다음을 이용\[\sum_{r=0}^{n}\frac{(1-aq^{2r})(-1)^{r}q^{\frac{1}{2}(r^2+r)}(a)_{r}(c)_{r}(d)_{r}a^{r}}{(a)_{n+r+1}(q)_{n-r}(q)_{r}(aq/c)_{r}(aq/d)_{r}c^{r}d^{r}}=\frac{(aq/cd)_{n}}{(q)_{n}(aq/c)_{n}(aq/d)_{n}}\]
다음의 특수한 경우\[a=q, c\to\infty, d\to\infty\]
얻어진 베일리 쌍\[\alpha_{n}=\frac{(-1)^{n}q^{\frac{3}{2}n^2+\frac{1}{2}n}(1-q^{2n+1})}{1-q}\]\[\beta_n=\frac{1}{(q)_{n}}\]\[\beta_n=\sum_{r=0}^{n}\frac{\alpha_r}{(x)_{n-r}(q)_{n+r}}=\sum_{r=0}^{n}\frac{\alpha_r}{(q^{2})_{n-r}(q)_{n+r}}\]

베일리 쌍과 켤레 베일리 쌍\[\delta_n=(-q)_{n}q^{\frac{n(n+1)}{2}}=\frac{(q^2;q^2)_{n}}{(q)_{n}}q^{\frac{n(n+1)}{2}}\]\[\gamma_n=\frac{(-q)_{\infty}}{(q^2)_{\infty}}q^{\frac{n(n+1)}{2}}\]\[\alpha_{n}=\frac{(-1)^{n}q^{\frac{3}{2}n^2+\frac{1}{2}n}(1-q^{2n+1})}{1-q}\]\[\beta_n=\frac{1}{(q)_{n}}\]

항등식\[\sum_{n=0}^{\infty}\frac{(q^2;q^2)_{n}q^{n(n+1)/2}}{ (q)_{n}^2}=\frac{(-q)_{\infty}}{(q^2;q^4)_{\infty}}\]

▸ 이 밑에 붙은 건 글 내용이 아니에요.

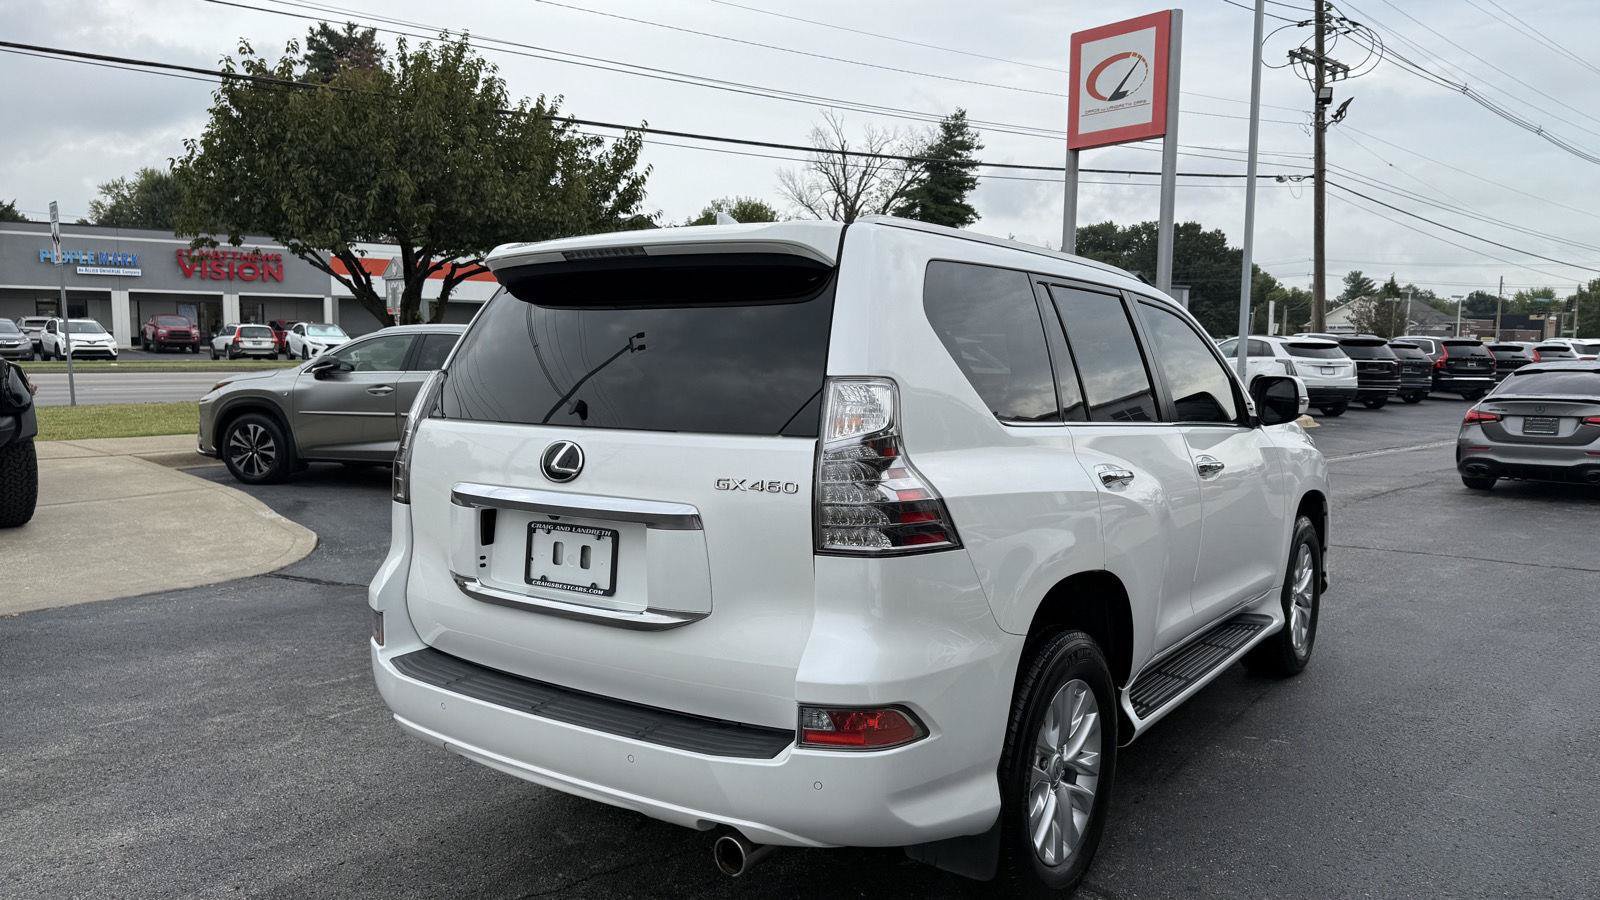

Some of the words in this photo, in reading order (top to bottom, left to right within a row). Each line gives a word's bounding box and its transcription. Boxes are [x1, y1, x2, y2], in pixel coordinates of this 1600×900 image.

베일리 쌍(Bailey pair)과 베일리 보조정리\[\sum_{n=0}^{\infty}\alpha_n\gamma_{n}=\sum_{n=0}^{\infty}\beta_n\delta_{n}\]\[\sum_{n=0}^{\infty}\beta_n\delta_{n}=\sum_{n=0}^{\infty}\frac{(q^2;q^2)_{n}q^{n(n+1)/2}}{ (q)_{n}^2}\]\[\sum_{n=0}^{\infty}\alpha_n\gamma_{n}=\sum_{n=0}^{\infty}\frac{(-1)^{n}q^{\frac{3}{2}n^2+\frac{1}{2}n}(1-q^{2n+1})}{1-q}\cdot \frac{(-q)_{\infty}}{(q^2)_{\infty}}q^{\frac{n(n+1)}{2}}=\frac{(-q)_{\infty}}{(q)_{\infty}}\sum_{n=0}^{\infty}(-1)^{n}(q^{2n^2+n}-q^{2n^2+3n+1})=\sum_{n=-\infty}^{\infty}(-1)^{n}q^{2n^2+n} =\frac{(-q)_{\infty}}{(q^2;q^4)_{\infty}}\]

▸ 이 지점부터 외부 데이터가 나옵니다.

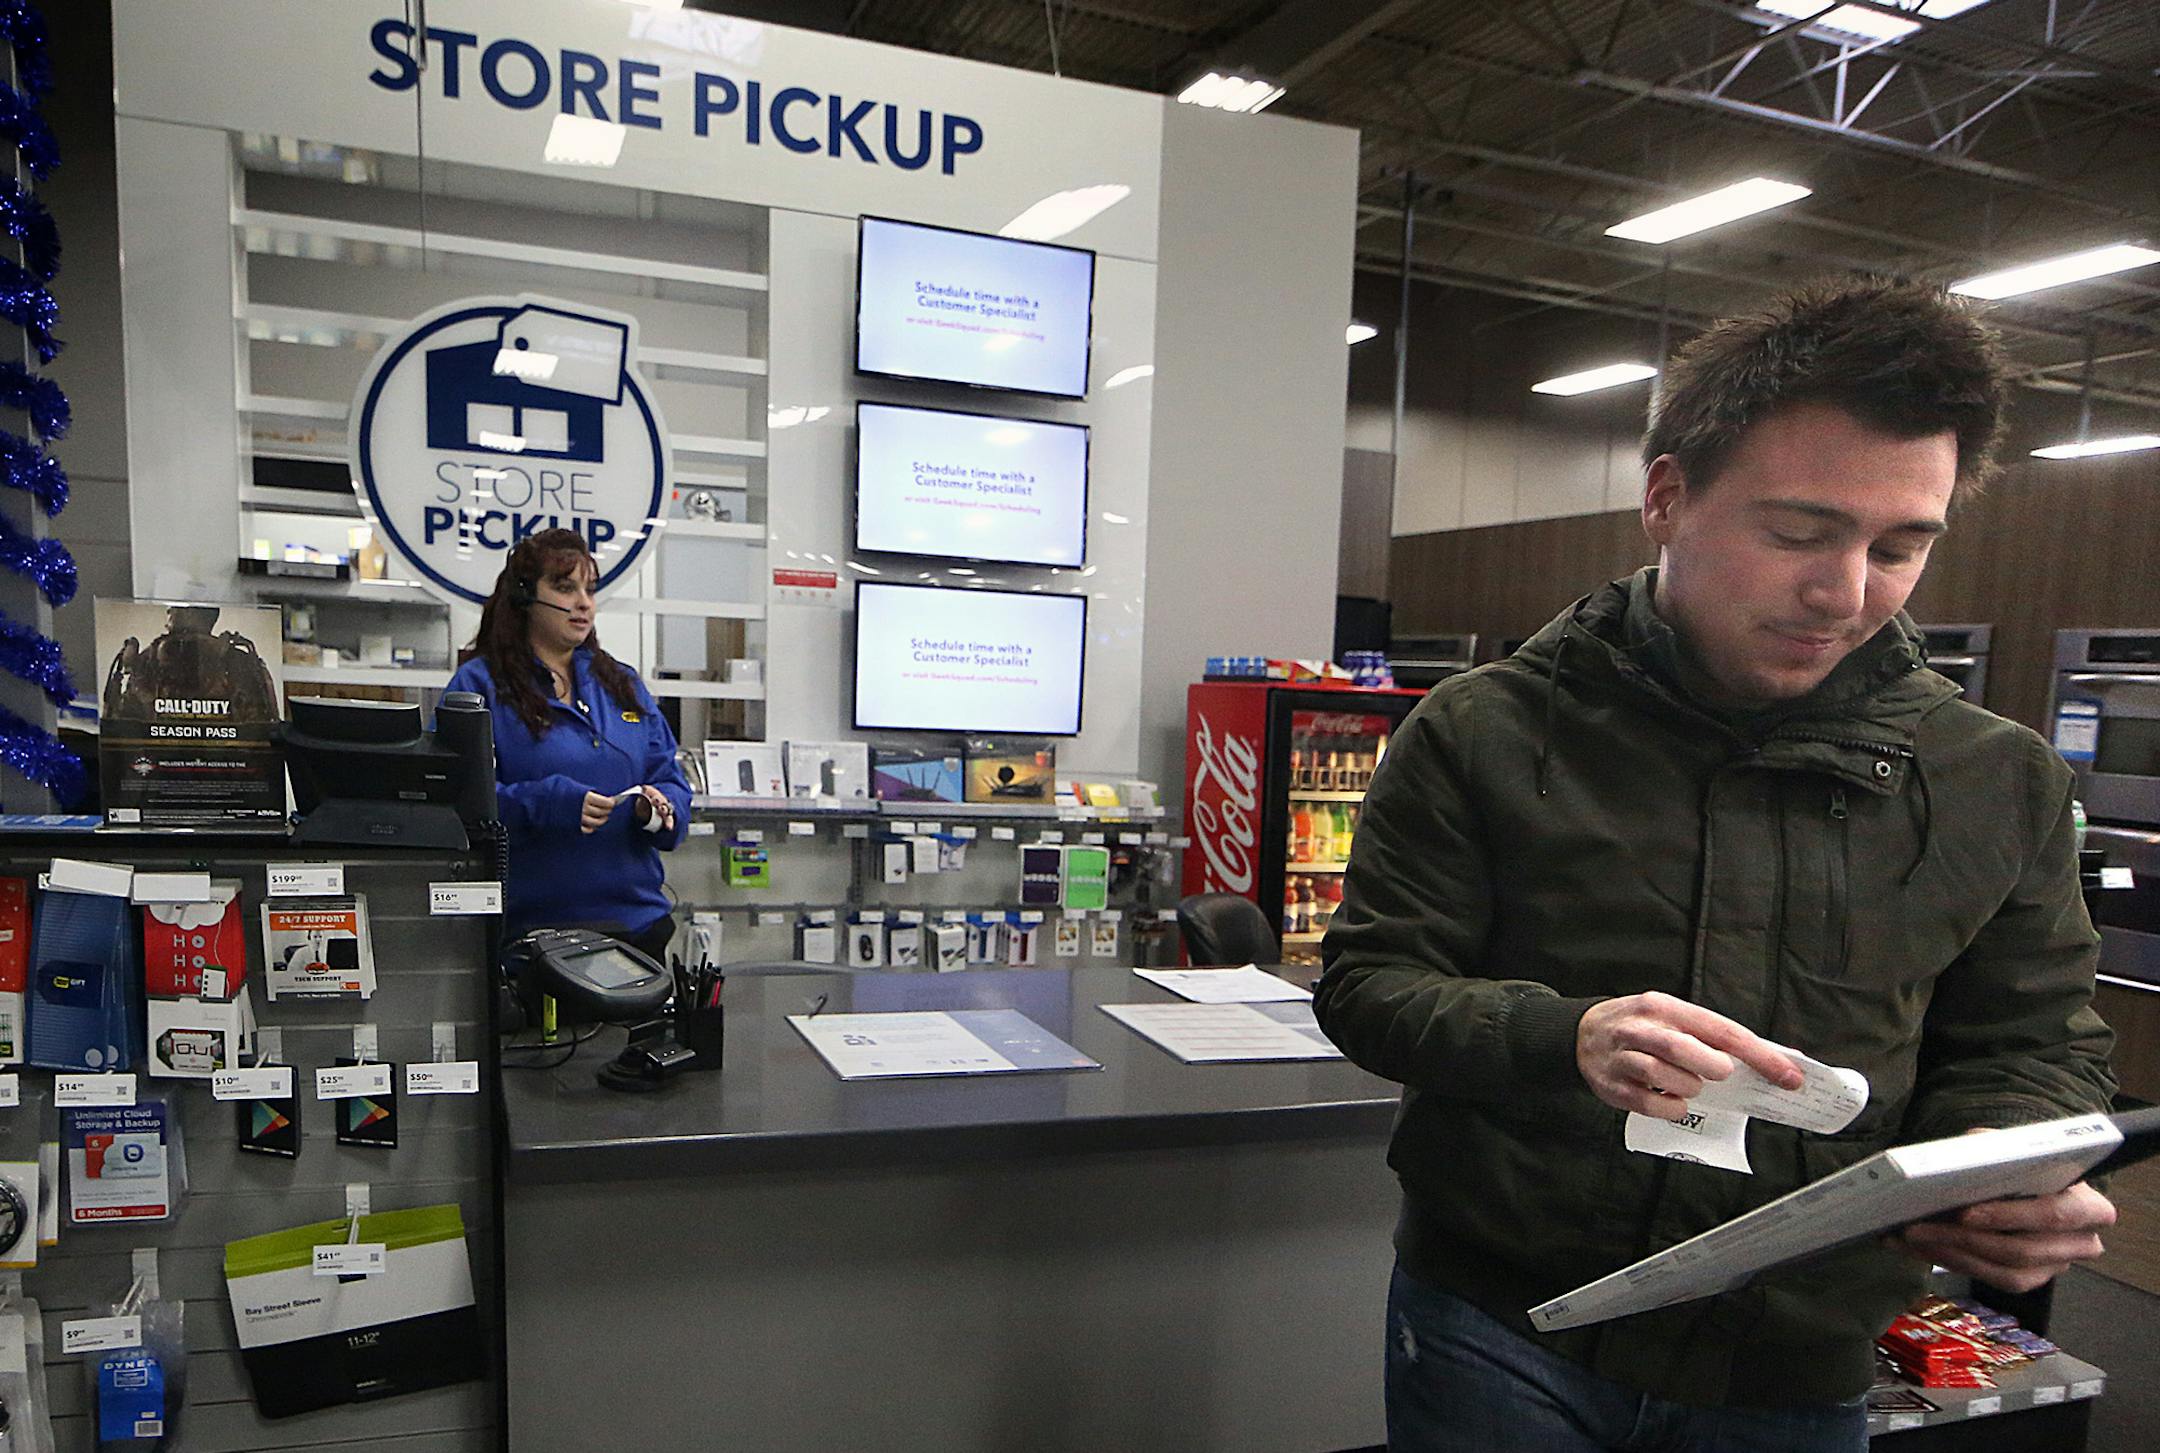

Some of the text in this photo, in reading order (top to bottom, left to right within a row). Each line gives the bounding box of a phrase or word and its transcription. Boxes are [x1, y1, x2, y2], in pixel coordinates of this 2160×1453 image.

[369, 19, 984, 176] STORE PICKUP
[915, 281, 970, 298] Schedule
[974, 290, 1000, 303] time
[1004, 295, 1029, 307] with
[917, 295, 1037, 321] Customer Specialist
[912, 462, 967, 476] Schedule
[971, 468, 996, 480] time
[1000, 472, 1025, 483] with
[436, 461, 595, 513] STORE
[915, 475, 1032, 495] Customer Specialist
[911, 638, 964, 651] Schedule
[969, 642, 994, 652] time
[998, 644, 1022, 654] with
[913, 651, 1029, 668] Customer Specialist
[155, 698, 230, 715] CALL DUTY
[150, 725, 237, 738] SEASON PASS
[303, 915, 346, 923] SUPPORT
[75, 1109, 152, 1119] Unlimited Cloud
[75, 1119, 161, 1130] Storage & Backup
[78, 1208, 123, 1217] 6 Months
[245, 1297, 322, 1315] Bay Street Sleeve
[104, 1359, 156, 1370] DYNEX

Let \(\sum_{n=0}^{\infty}\frac{q^{n(an+b)/2}}{ \prod_{j=1}^{r}(q^{c_j};q^{d_j})_n^{e_j}}=\sum_{N=0}^{\infty} a_N q^{N}\).

Then \(\prod_{j=1}^{r}(1-x^{d_j})^{e_j}=x^a\) has a unique root \(0<\mu<1\). We get

\(\log^2 a_N \sim 4N\sum_{j=1}^{r}\frac{e_j}{d_j}L(1-\mu^{d_j})\)

\((1-x)^2(1-x^2)^{-1}=x^{1}\)

\(4L(x)-L(x^2)=\frac{\pi^2}{4}\)

\(x=\sqrt{2}-1\)